- Opening Delimiter -

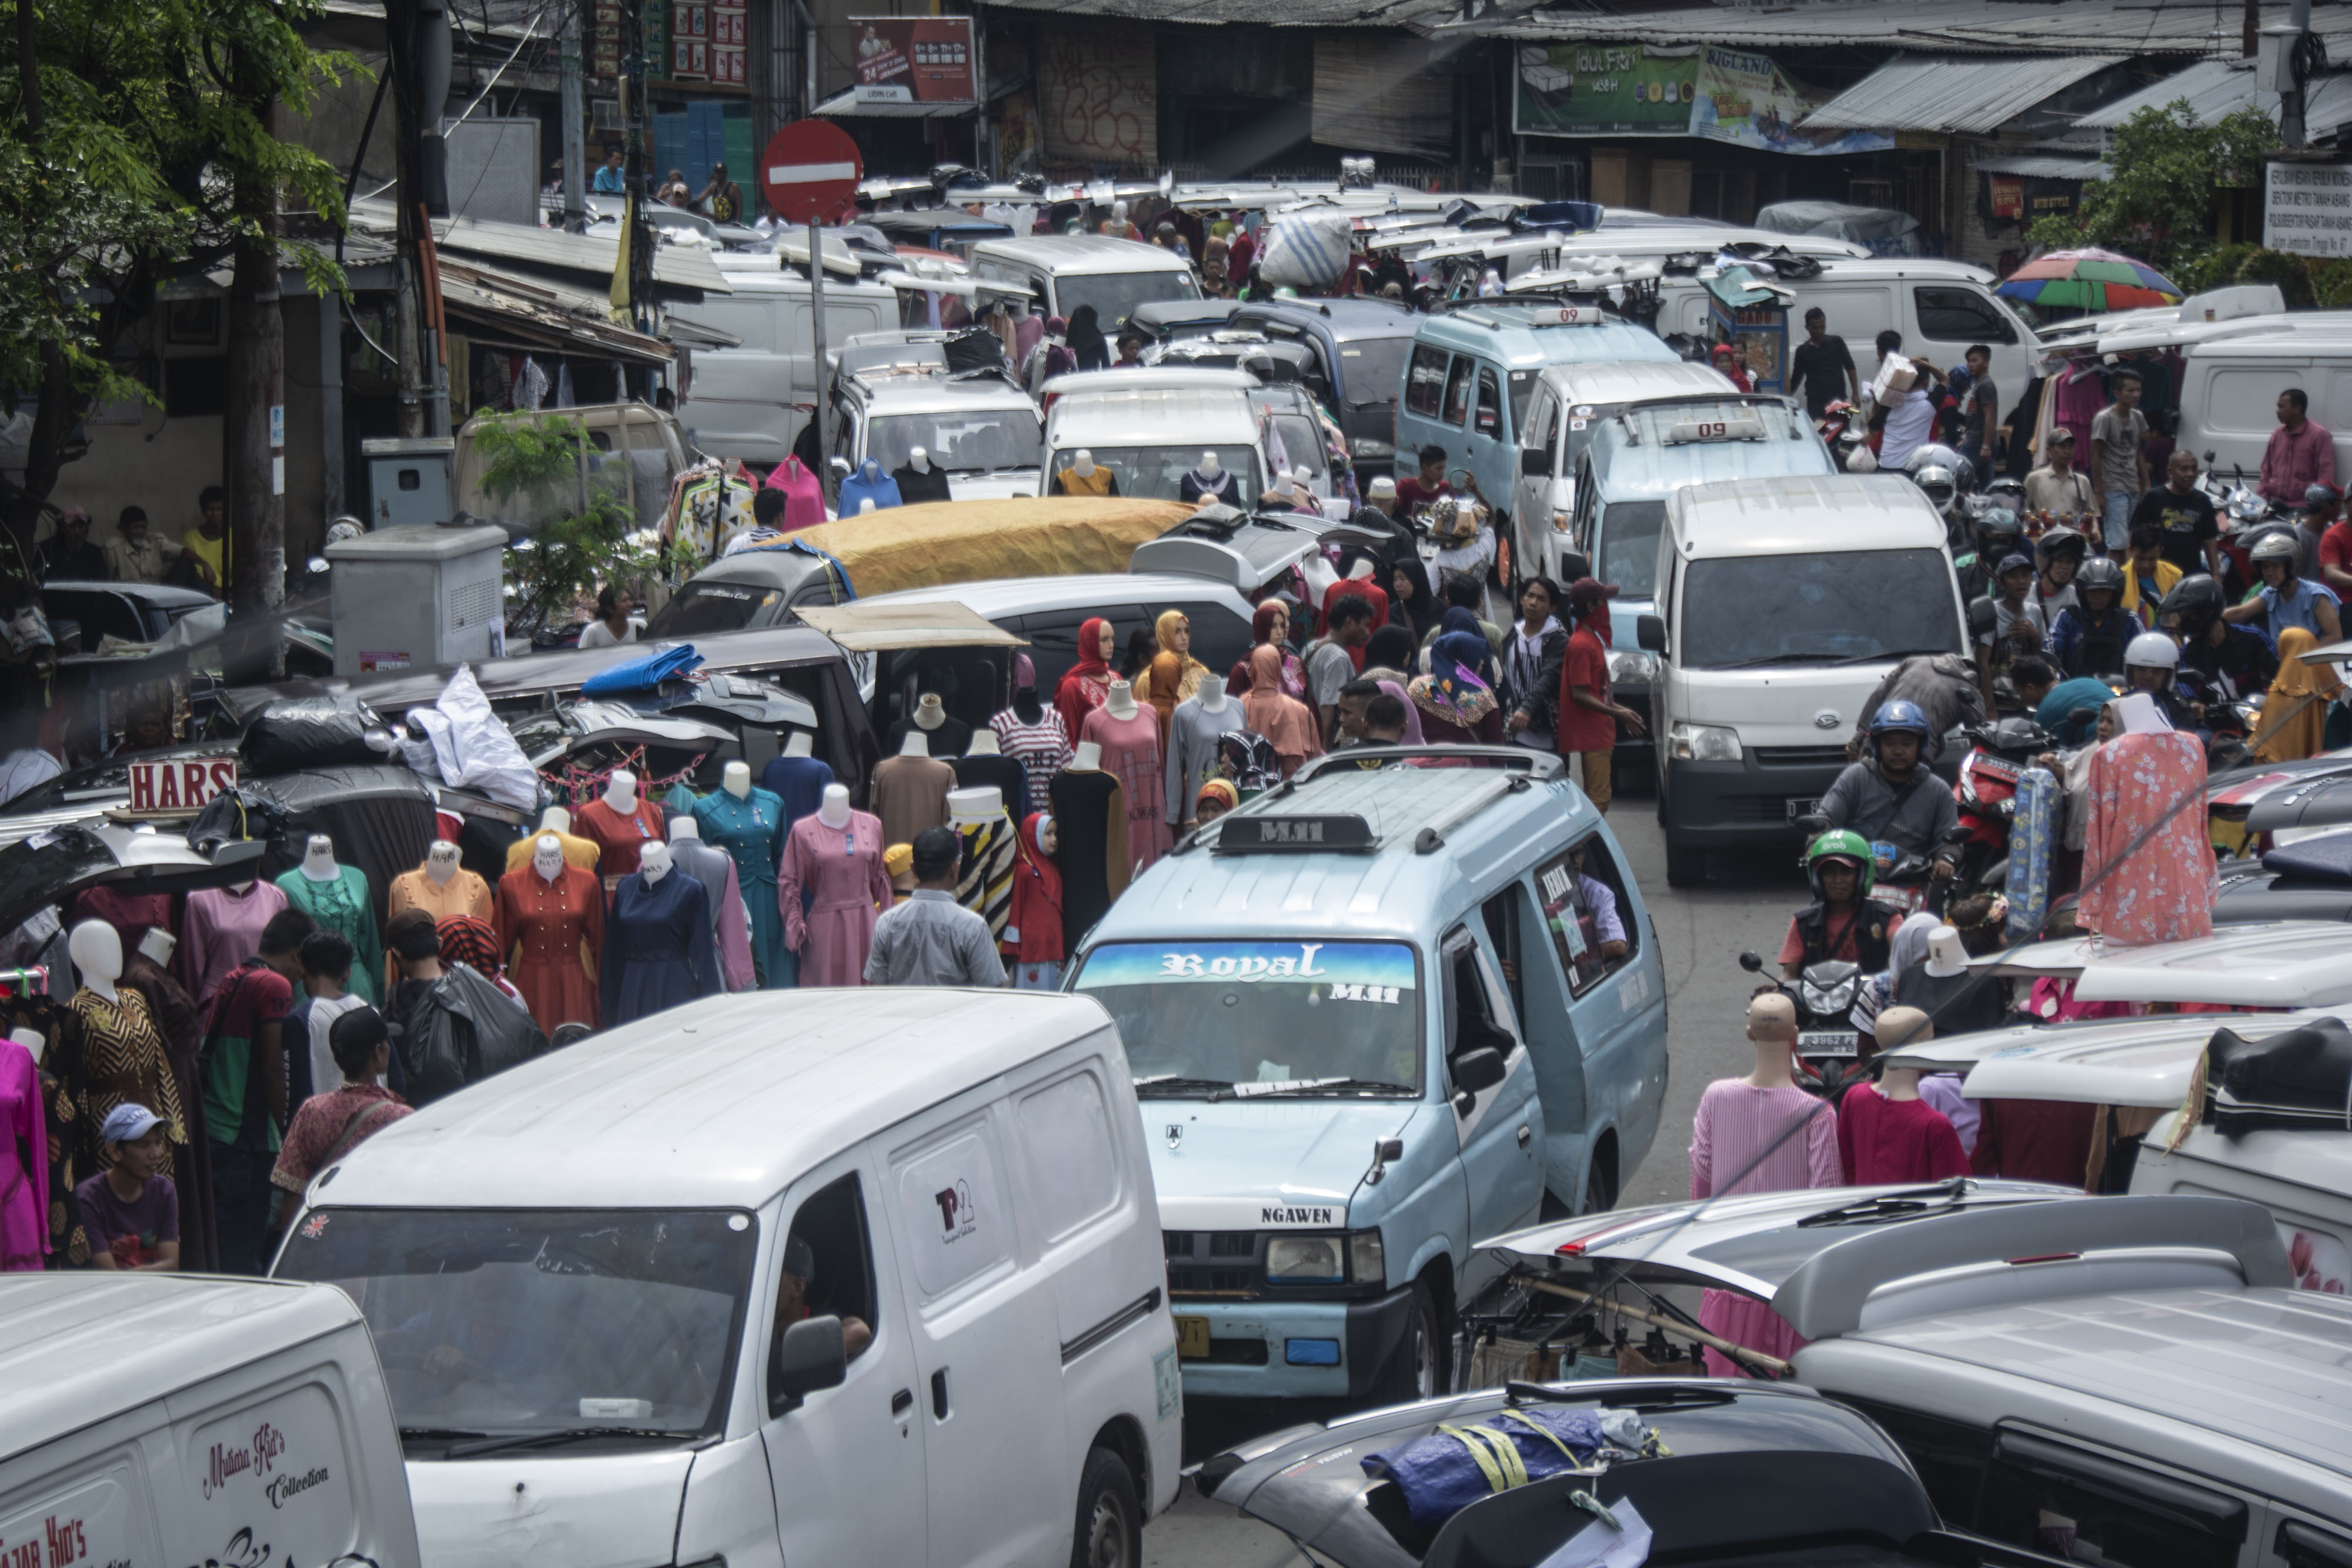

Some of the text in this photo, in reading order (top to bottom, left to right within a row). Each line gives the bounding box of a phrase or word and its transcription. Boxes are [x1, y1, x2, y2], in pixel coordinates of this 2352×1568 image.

[864, 68, 876, 82] 24
[1611, 79, 1618, 91] H
[2272, 191, 2350, 208] SEKTOR METRO TANAH ABANG
[1560, 309, 1578, 323] 09
[1736, 312, 1772, 325] GADO
[1697, 422, 1725, 437] 09
[1988, 760, 2010, 771] 3555
[130, 764, 235, 811] HARS
[1787, 802, 1796, 817] D
[1259, 822, 1324, 842] M.11
[312, 845, 331, 857] HARS
[1822, 842, 1847, 851] Grab
[432, 851, 456, 864] HARS
[540, 851, 560, 860] HARS
[1157, 942, 1326, 984] Royal
[1328, 983, 1400, 1005] M.11
[1798, 1037, 1805, 1045] B
[1812, 1036, 1840, 1045] 3962
[1261, 1208, 1332, 1224] NGAWEN
[203, 1422, 286, 1501] Mutiara Kid's
[265, 1467, 329, 1510] Collection
[0, 1514, 87, 1568] AJAR KID'S
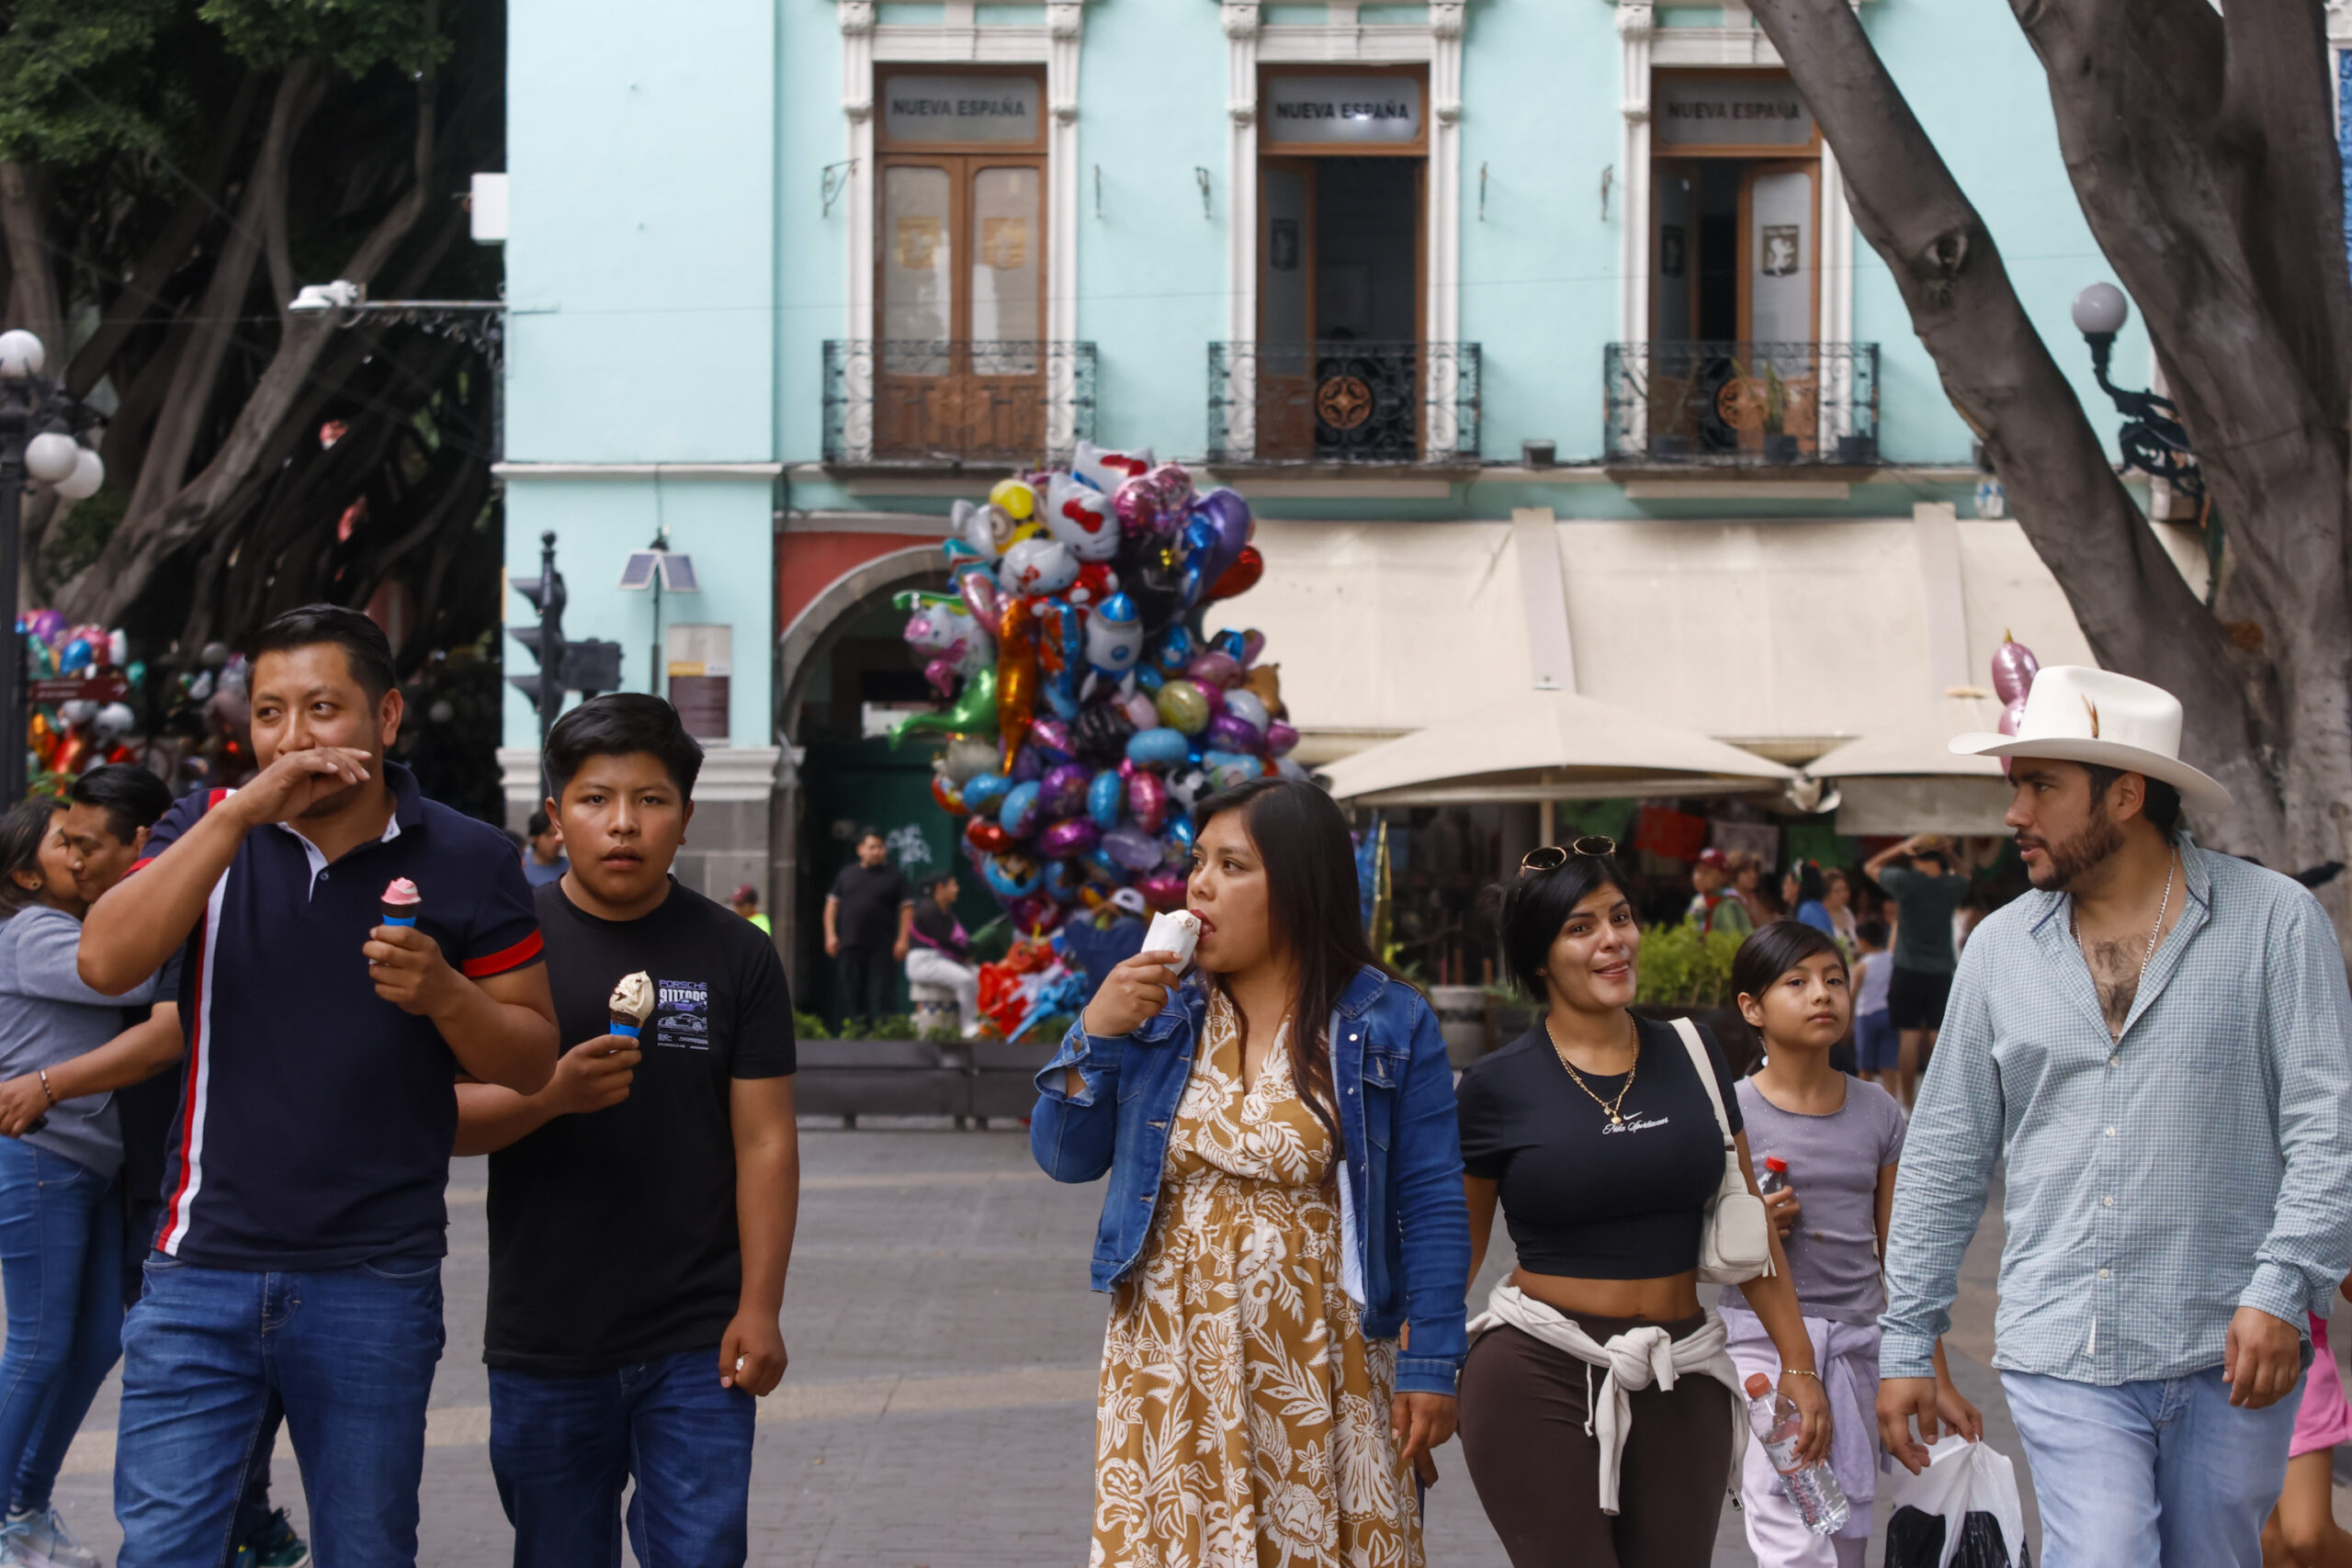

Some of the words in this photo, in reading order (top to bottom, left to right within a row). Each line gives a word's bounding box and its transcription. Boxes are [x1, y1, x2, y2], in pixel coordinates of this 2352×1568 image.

[892, 99, 952, 116] NUEVA
[957, 96, 1025, 116] ESPAÑA
[1277, 103, 1335, 118] NUEVA
[1341, 100, 1408, 118] ESPAÑA
[1668, 103, 1727, 118] NUEVA
[1733, 100, 1800, 118] ESPAÑA
[659, 979, 707, 990] PORSCHE
[1602, 1122, 1626, 1135] Nike

- Closing Delimiter -

*WORK ORDER*.
The entries above are to be repeated exactly, except for any pictures.

*ANSWER SPACE*.
Some of the text in this photo, in reading order (top to bottom, left to right within a row). Each line gives the bounding box of a phrase or word and its transcription. Boxes are [x1, y1, x2, y2], in pixel coordinates of this 2352×1568 image.

[864, 68, 876, 82] 24
[1611, 79, 1618, 91] H
[2272, 191, 2350, 208] SEKTOR METRO TANAH ABANG
[1560, 309, 1578, 323] 09
[1736, 312, 1772, 325] GADO
[1697, 422, 1725, 437] 09
[1988, 760, 2010, 771] 3555
[130, 764, 235, 811] HARS
[1787, 802, 1796, 817] D
[1259, 822, 1324, 842] M.11
[312, 845, 331, 857] HARS
[1822, 842, 1847, 851] Grab
[432, 851, 456, 864] HARS
[540, 851, 560, 860] HARS
[1157, 942, 1326, 984] Royal
[1328, 983, 1400, 1005] M.11
[1798, 1037, 1805, 1045] B
[1812, 1036, 1840, 1045] 3962
[1261, 1208, 1332, 1224] NGAWEN
[203, 1422, 286, 1501] Mutiara Kid's
[265, 1467, 329, 1510] Collection
[0, 1514, 87, 1568] AJAR KID'S

Some of the words in this photo, in reading order (top to bottom, left to right within a row). Each line gives a word's bounding box and its transcription. Boxes are [x1, y1, x2, y2], in pixel coordinates of this 2352×1568 image.

[892, 99, 952, 116] NUEVA
[957, 96, 1025, 116] ESPAÑA
[1277, 103, 1335, 118] NUEVA
[1341, 100, 1408, 118] ESPAÑA
[1668, 103, 1727, 118] NUEVA
[1733, 100, 1800, 118] ESPAÑA
[659, 979, 707, 990] PORSCHE
[1602, 1122, 1626, 1135] Nike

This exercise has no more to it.